Kadafi estaria a 60 km de Trípoli, diz rebelde

Porta-voz do conselho militar afirma que ditador está cercado perto da capital e sendo rastreado: coronel telefona a TV síria e diz que está na Líbia

Lourival Sant?Anna, O Estado de S.Paulo

08 Setembro 2011 | 00h00

ENVIADO ESPECIAL / TRÍPOLI

O porta-voz do Conselho Militar de Trípoli, Anis Sherif, disse ontem que o comando rebelde da Líbia, agora no poder, sabe o paradeiro de Muamar Kadafi. Segundo Sherif, o ditador encontra-se em um raio de 60 quilômetros da capital, cercado pelos combatentes do governo provisório. Ele não informou a localização exata, mas disse que Kadafi tem sido rastreado por meio de alta tecnologia e por integrantes do grupo rebelde.

Hisham Buhagiar, que coordena os esforços do Conselho Nacional de Transição (CNT) para capturar Kadafi, afirmou que o ditador tem viajado em um comboio de cerca de dez veículos pelo Deserto do Saara desde que os insurgentes tomaram Trípoli, há duas semanas.

Kadafi, segundo Buhagiar, abriga-se em uma tenda. "Sabemos que ele não quer ficar em uma casa", disse ao canal de TV Al-Jazira. "As pessoas contaram que os carros vieram e eles armaram uma tenda."

As duas fontes sugerem que Kadafi continua na Líbia. Um comboio escoltado por tuaregues (beduínos do deserto) armados atravessou o Saara na terça-feira e entrou no Níger vindo da Argélia, mas o governo local negou com veemência que Kadafi ou seus filhos estivessem nos veículos.

Kadafi telefonou ontem à TV síria Arrai, assegurou que está na Líbia e prometeu derrotar os rebeldes. "Não lhes sobra mais nada (aos rebeldes) do que a guerra psicológica e as mentiras. Dizem ultimamente que viram Kadafi em um comboio para o Níger. Como se fosse a primeira vez que um comboio cruza para o Níger", disse o ditador em sua primeira mensagem em vários dias.

Abdullah Kanshil, que conduz as negociações para a rendição de Bani Walid, declarou ontem acreditar que dois filhos de Kadafi, Saif al-Islam e Mutassim, estejam na cidade, situada 150 quilômetros a sudeste de Trípoli. Saif era preparado para ser o sucessor de Kadafi e Mutassim era o chefe do Conselho de Segurança Nacional.

Em entrevista à agência Reuters, Kanshil acrescentou que está investigando a informação de que o próprio Kadafi poderia estar no local. "Isso explicaria por que Bani Walid está resistindo.
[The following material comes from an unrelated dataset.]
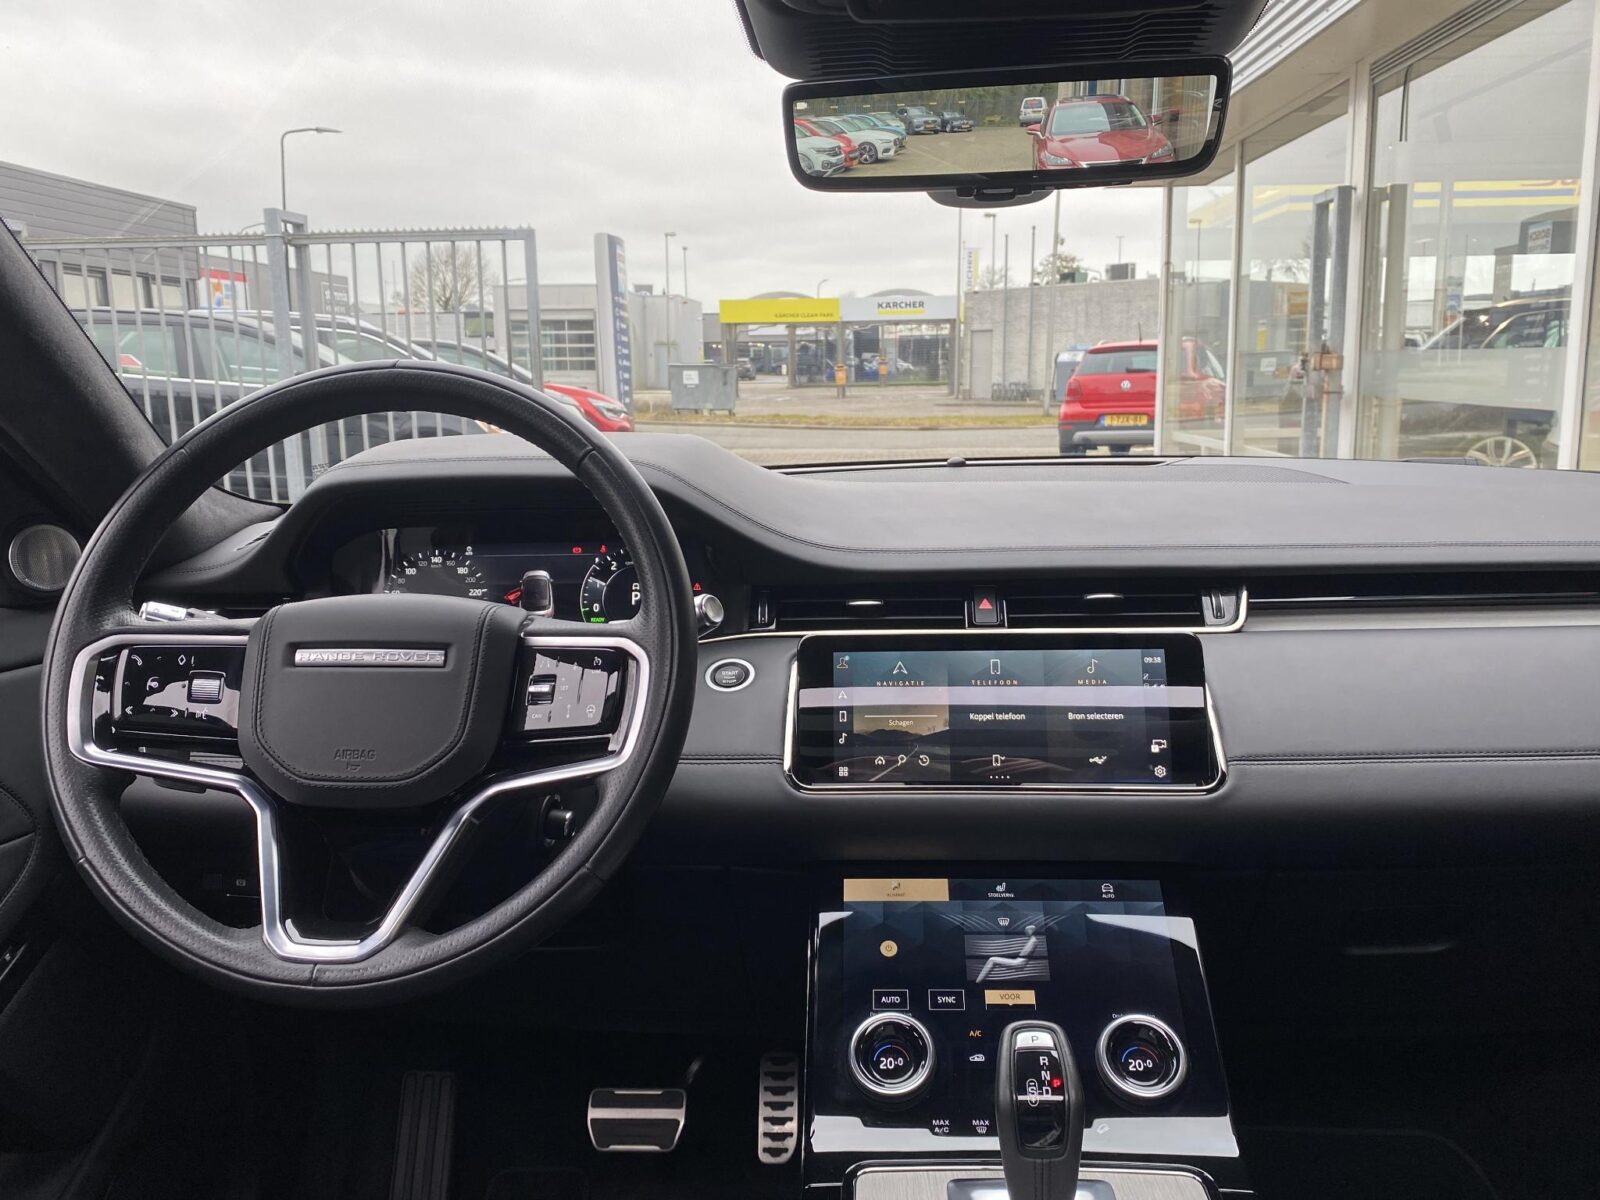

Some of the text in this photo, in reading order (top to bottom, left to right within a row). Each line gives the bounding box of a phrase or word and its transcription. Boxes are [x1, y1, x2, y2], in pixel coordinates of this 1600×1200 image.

Os filhos dele estão lá, com certeza."

Os combatentes do CNT cercam a cidade de 100 mil habitantes, reduto da tribo warfallah, a mais numerosa da Líbia, com 1 milhão de integrantes, principal base de apoio a Kadafi. Moradores que fugiram de Bani Walid disseram à Reuters que a população local está "aterrorizada". "Muitos ainda apoiam Kadafi porque eram pagos pelo regime. Muitos cometeram crimes e têm medo de serem presos."
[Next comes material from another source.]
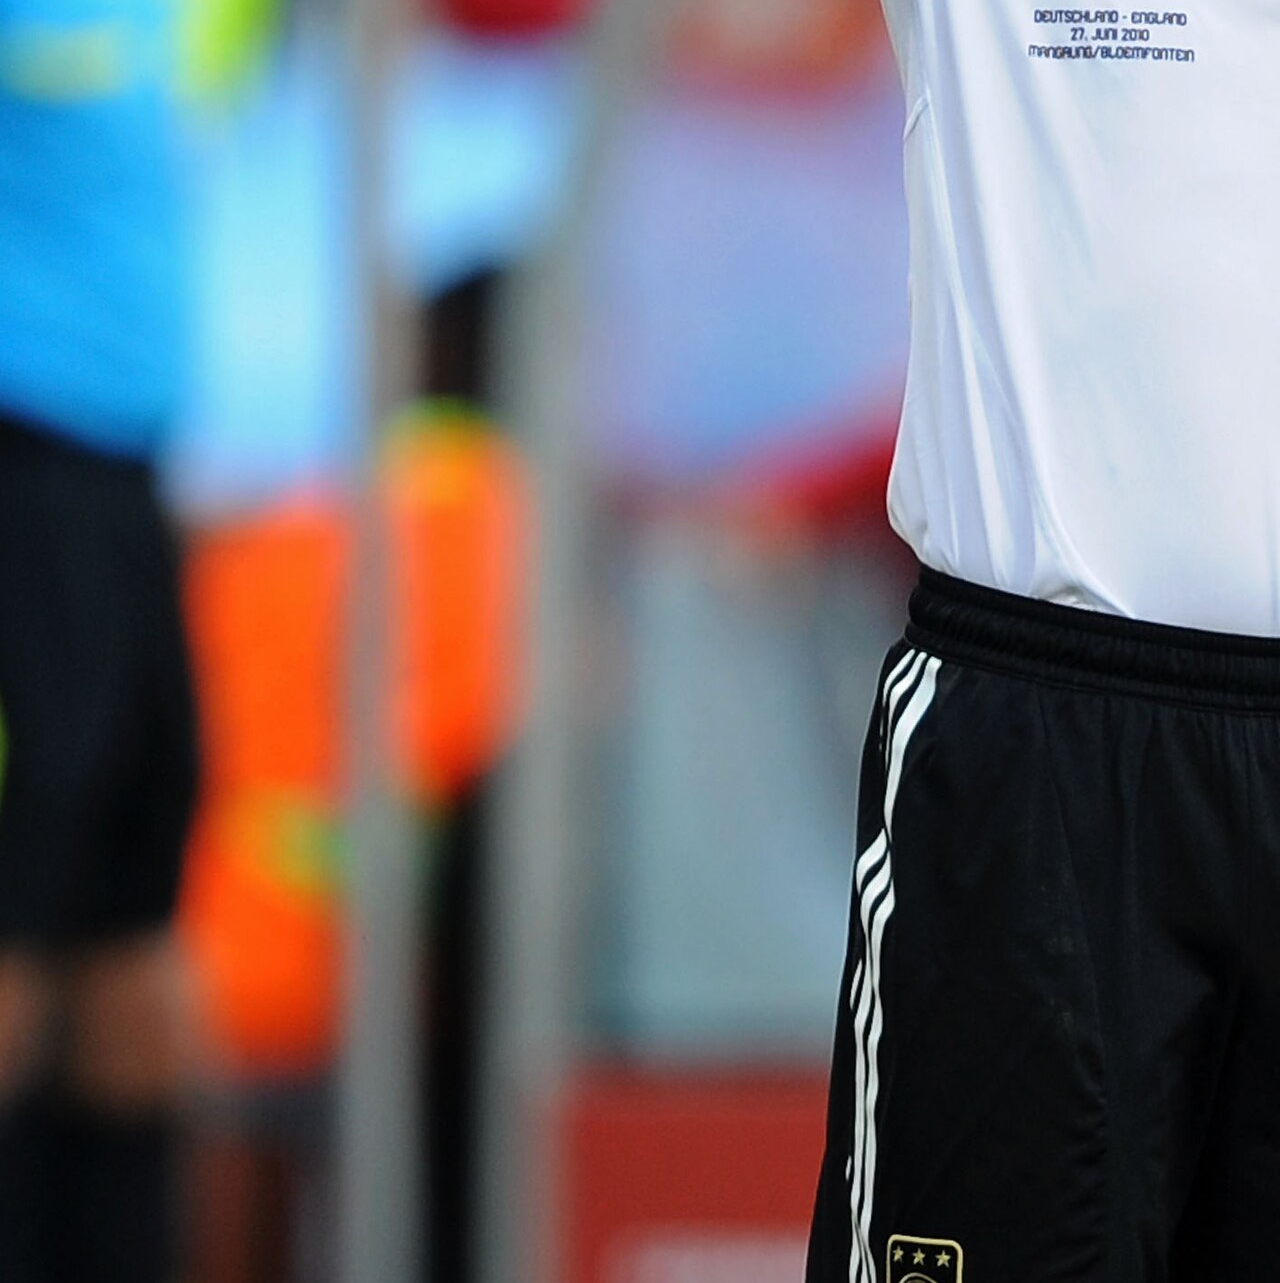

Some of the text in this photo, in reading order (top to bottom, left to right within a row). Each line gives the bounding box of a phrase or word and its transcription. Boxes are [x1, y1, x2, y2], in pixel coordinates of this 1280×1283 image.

[1034, 9, 1119, 24] DEUTSCHLAND
[1130, 11, 1188, 26] ENGLAND
[1070, 27, 1150, 42] 27. JUNI 2010
Kanshil e outros combatentes continuaram ontem negociando com líderes tribais a rendição da cidade. Os combatentes cercam também Sirte, cidade natal de Kadafi e reduto de sua tribo - al-kadadfa -, 450 quilômetros a leste de Trípoli. Eles deram um prazo até o sábado para que a cidade de 130 mil habitantes se renda. Caso os partidários de Kadafi resistam, os insurgentes invadirão. O CNT acredita que outro comboio partiu de Sirte levando para o Níger dinheiro e ouro do Banco Central líbio.

Mesmo após as declarações do governo do Níger, o CNT enviou uma delegação ao país para pedir que as autoridades não protejam Kadafi, seus filhos e colaboradores. "Estamos pedindo a todos os países para não aceitá-lo", disse Fathi Baja, responsável por assuntos políticos do CNT.